(Problem to work on)
Transcribe the records below in their entirety, and leave out each image.

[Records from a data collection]
◆ ◆ ◆ ◆ ◆ ◆ ◆

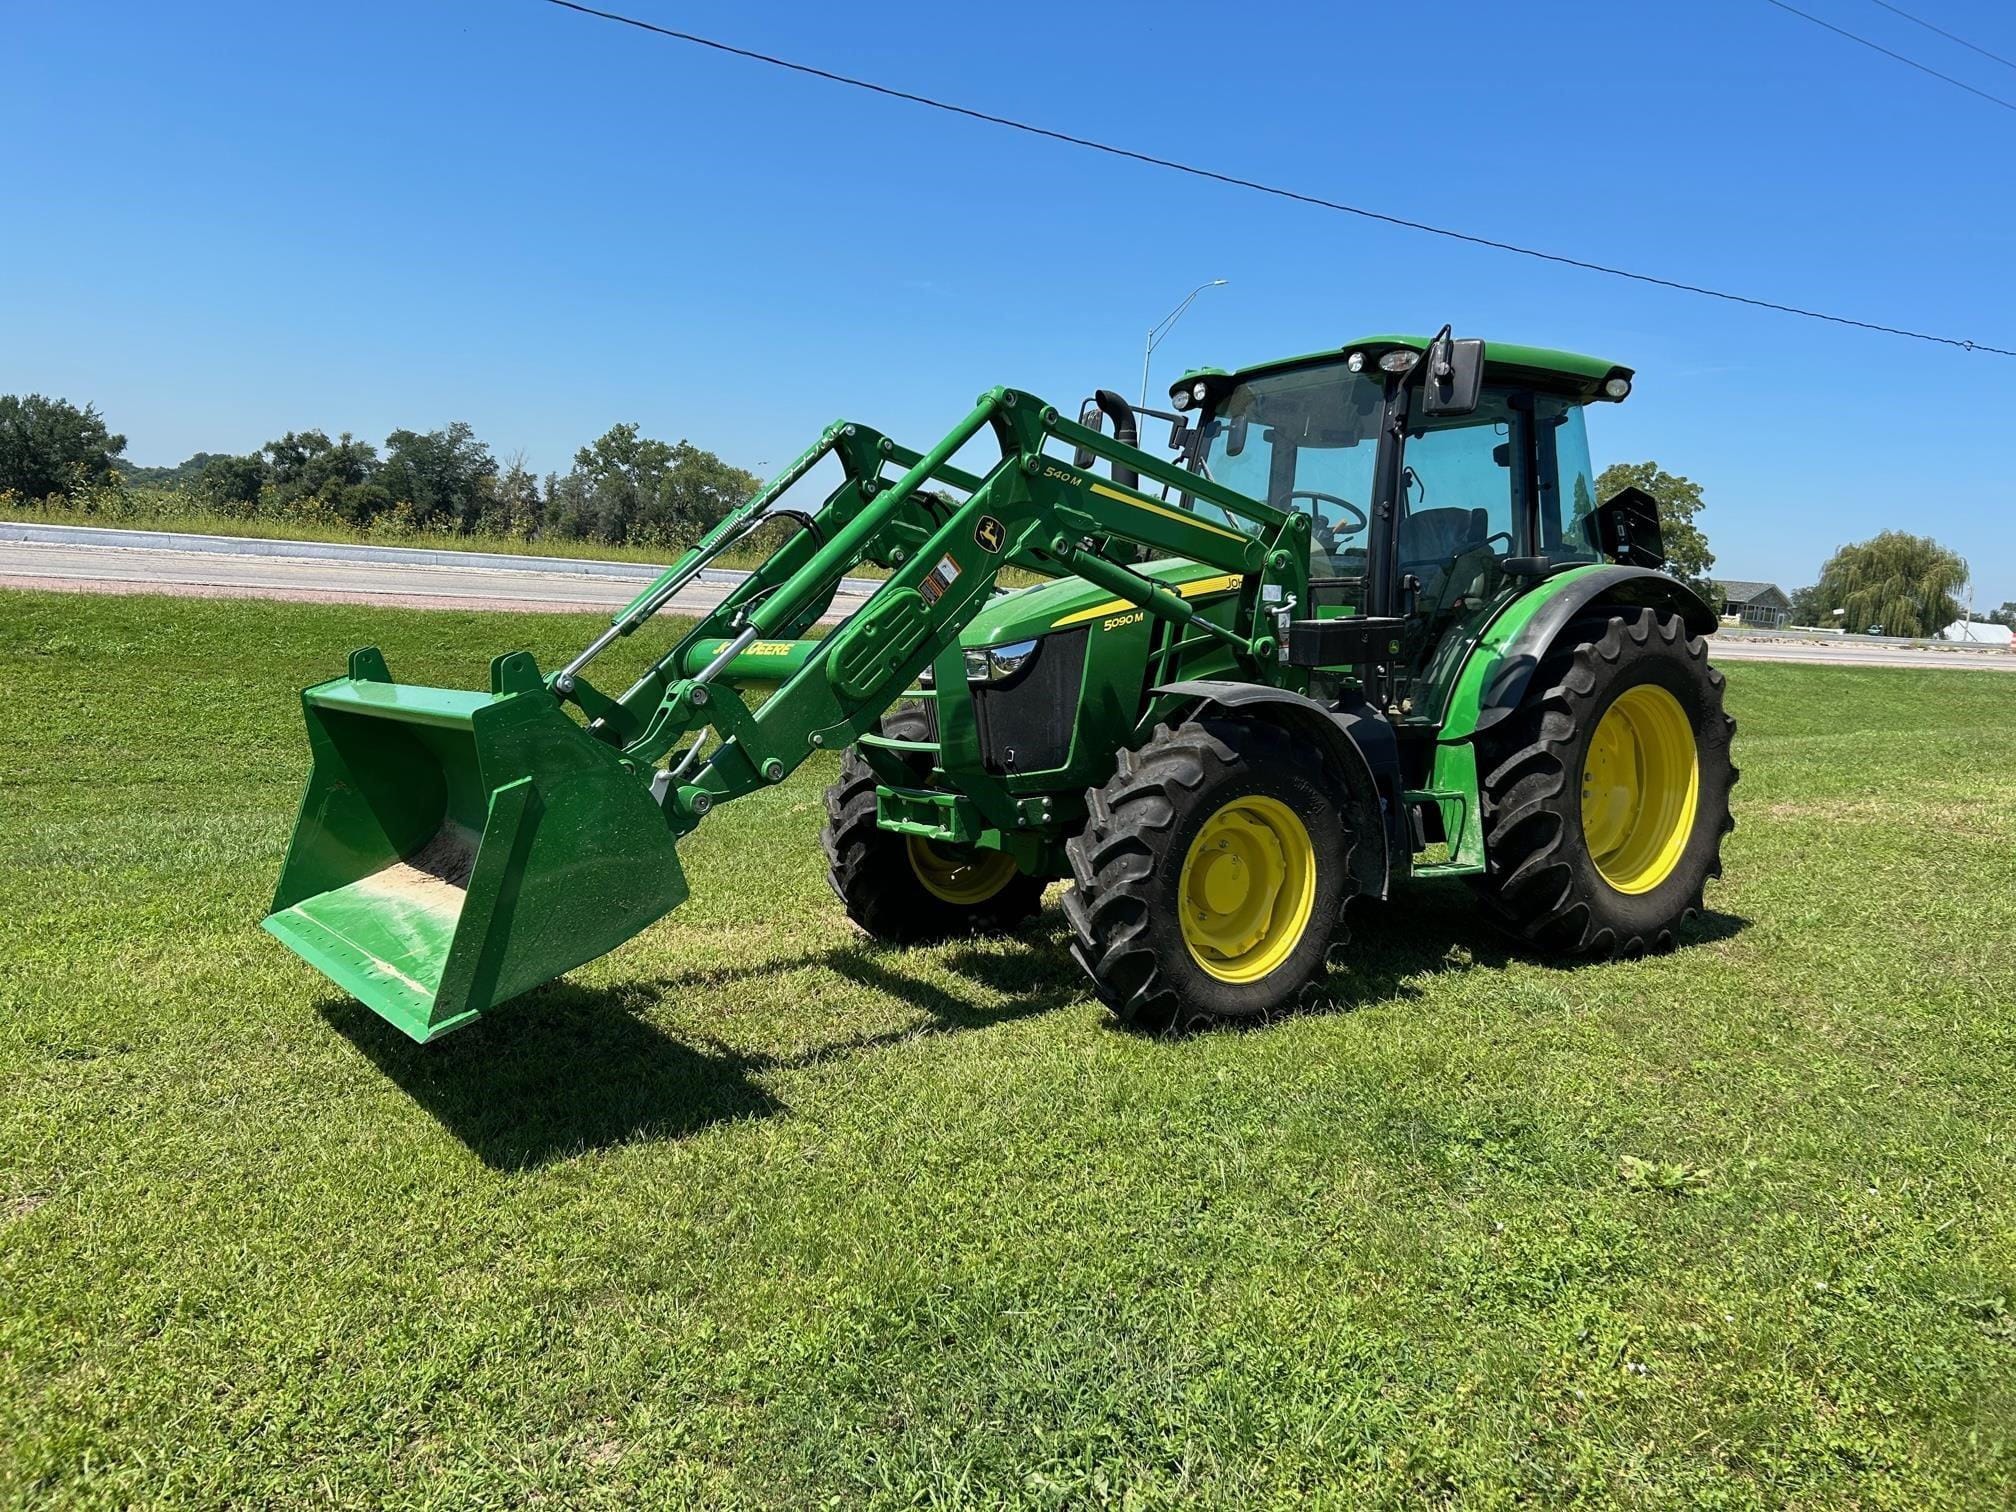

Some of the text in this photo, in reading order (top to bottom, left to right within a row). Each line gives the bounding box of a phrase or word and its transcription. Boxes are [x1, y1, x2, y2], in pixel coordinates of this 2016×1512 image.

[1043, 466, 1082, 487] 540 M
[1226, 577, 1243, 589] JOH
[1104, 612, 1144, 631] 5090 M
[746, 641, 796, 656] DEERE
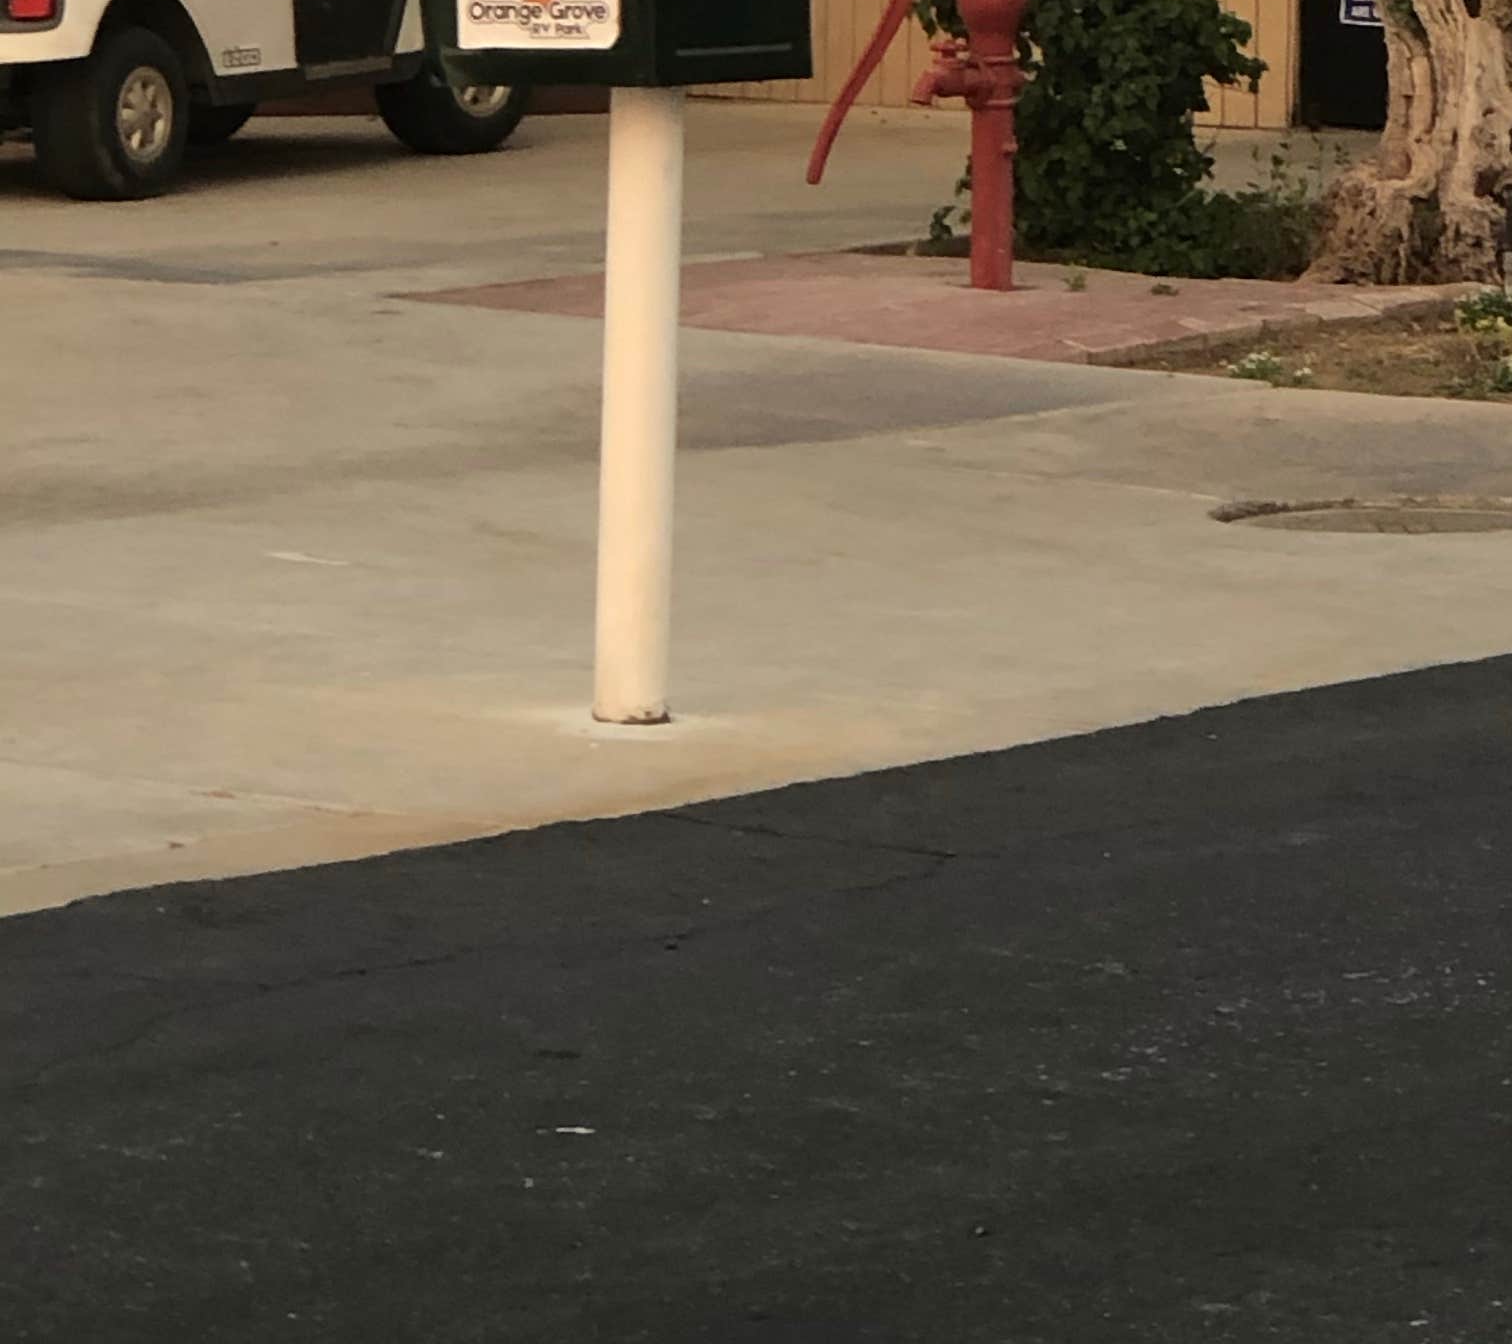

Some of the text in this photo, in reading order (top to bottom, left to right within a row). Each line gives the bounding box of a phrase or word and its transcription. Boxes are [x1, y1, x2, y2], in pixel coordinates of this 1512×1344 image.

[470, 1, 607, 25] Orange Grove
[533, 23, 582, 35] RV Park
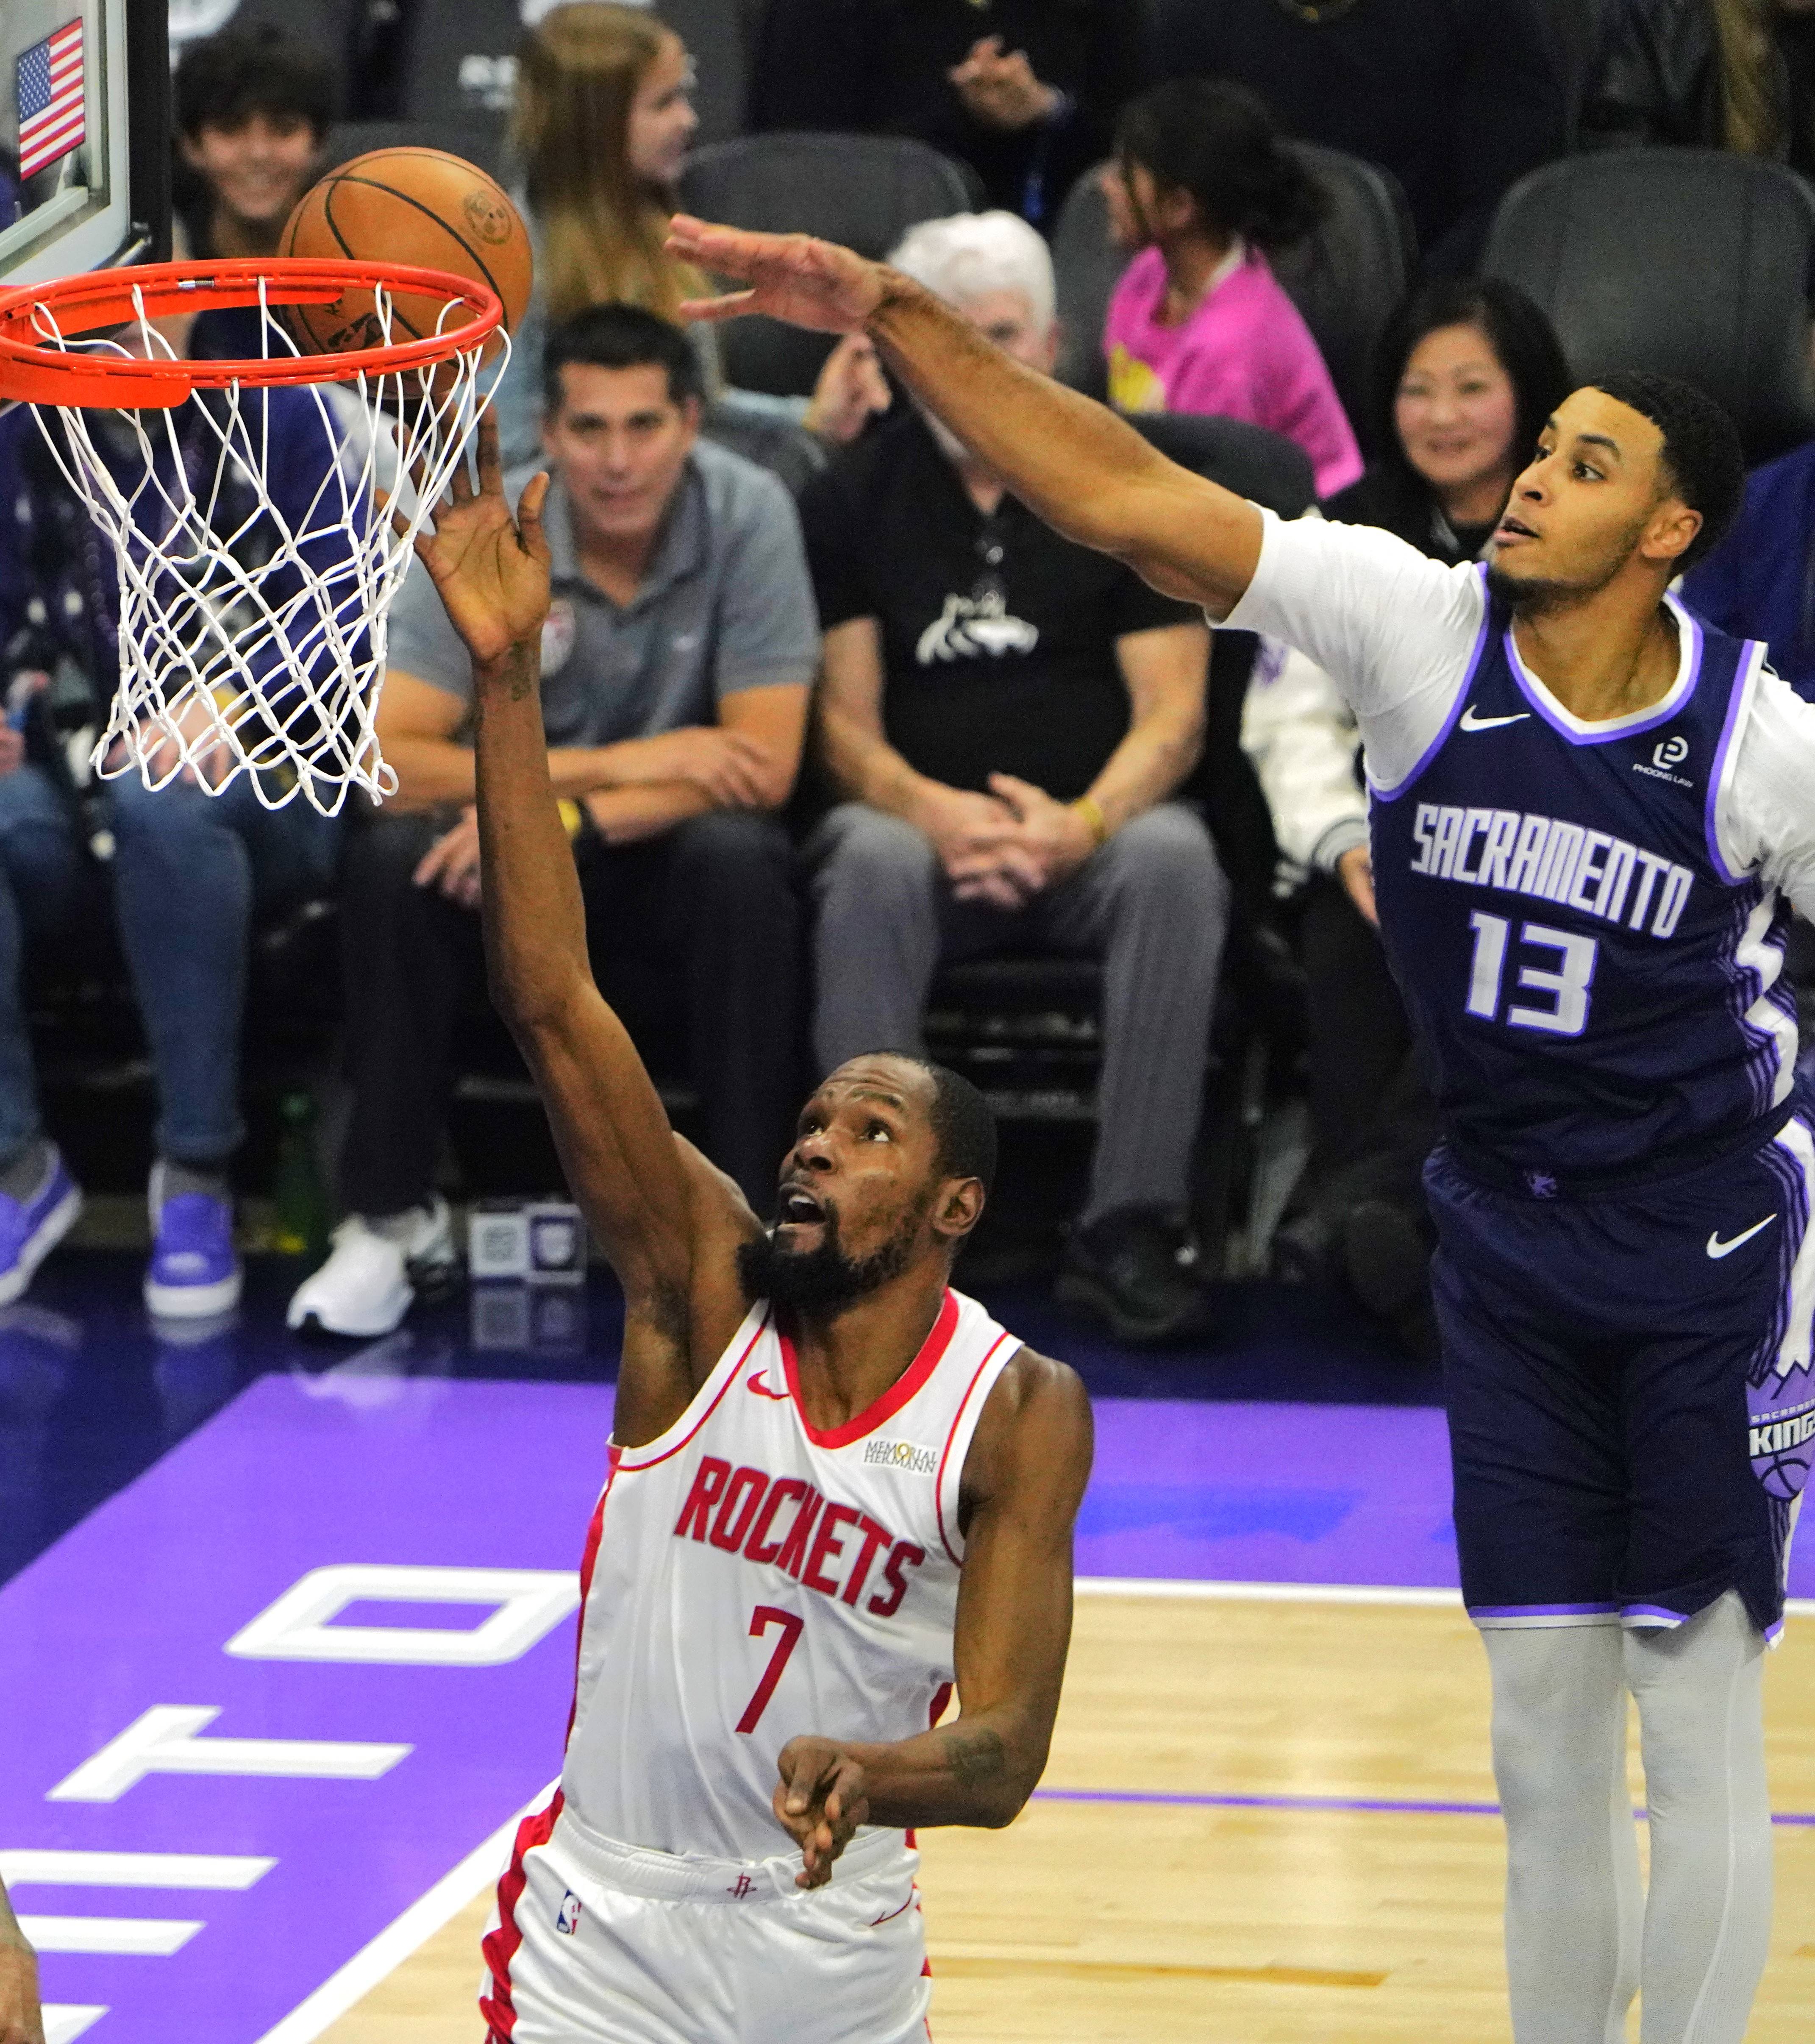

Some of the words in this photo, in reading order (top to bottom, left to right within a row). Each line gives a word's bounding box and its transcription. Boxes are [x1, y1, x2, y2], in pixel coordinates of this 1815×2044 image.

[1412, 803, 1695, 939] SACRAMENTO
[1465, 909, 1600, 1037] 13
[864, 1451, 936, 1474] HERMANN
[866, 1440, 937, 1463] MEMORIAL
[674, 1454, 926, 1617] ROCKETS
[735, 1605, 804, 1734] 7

◆ ◆ ◆ ◆ ◆ ◆ ◆

(Solution to the exercise)
Some of the text in this photo, in reading order (top to bottom, left to right within a row). Each line gives the bounding box of a phrase or word and its transcription. Boxes are [x1, y1, x2, y2], in pixel coordinates of this 2016×1512 image.

[1043, 466, 1082, 487] 540 M
[1226, 577, 1243, 589] JOH
[1104, 612, 1144, 631] 5090 M
[746, 641, 796, 656] DEERE

Some of the text in this photo, in reading order (top to bottom, left to right within a row). Each line gives the bounding box of a phrase or word and its transcription. Boxes are [x1, y1, x2, y2], in pixel coordinates of this 1512×1344 image.

[470, 1, 607, 25] Orange Grove
[533, 23, 582, 35] RV Park

Some of the words in this photo, in reading order (top to bottom, left to right within a row). Each line gives a word's bounding box and its transcription. Boxes are [x1, y1, x2, y2], in pixel coordinates of this 1815×2044 image.

[1412, 803, 1695, 939] SACRAMENTO
[1465, 909, 1600, 1037] 13
[864, 1451, 936, 1474] HERMANN
[866, 1440, 937, 1463] MEMORIAL
[674, 1454, 926, 1617] ROCKETS
[735, 1605, 804, 1734] 7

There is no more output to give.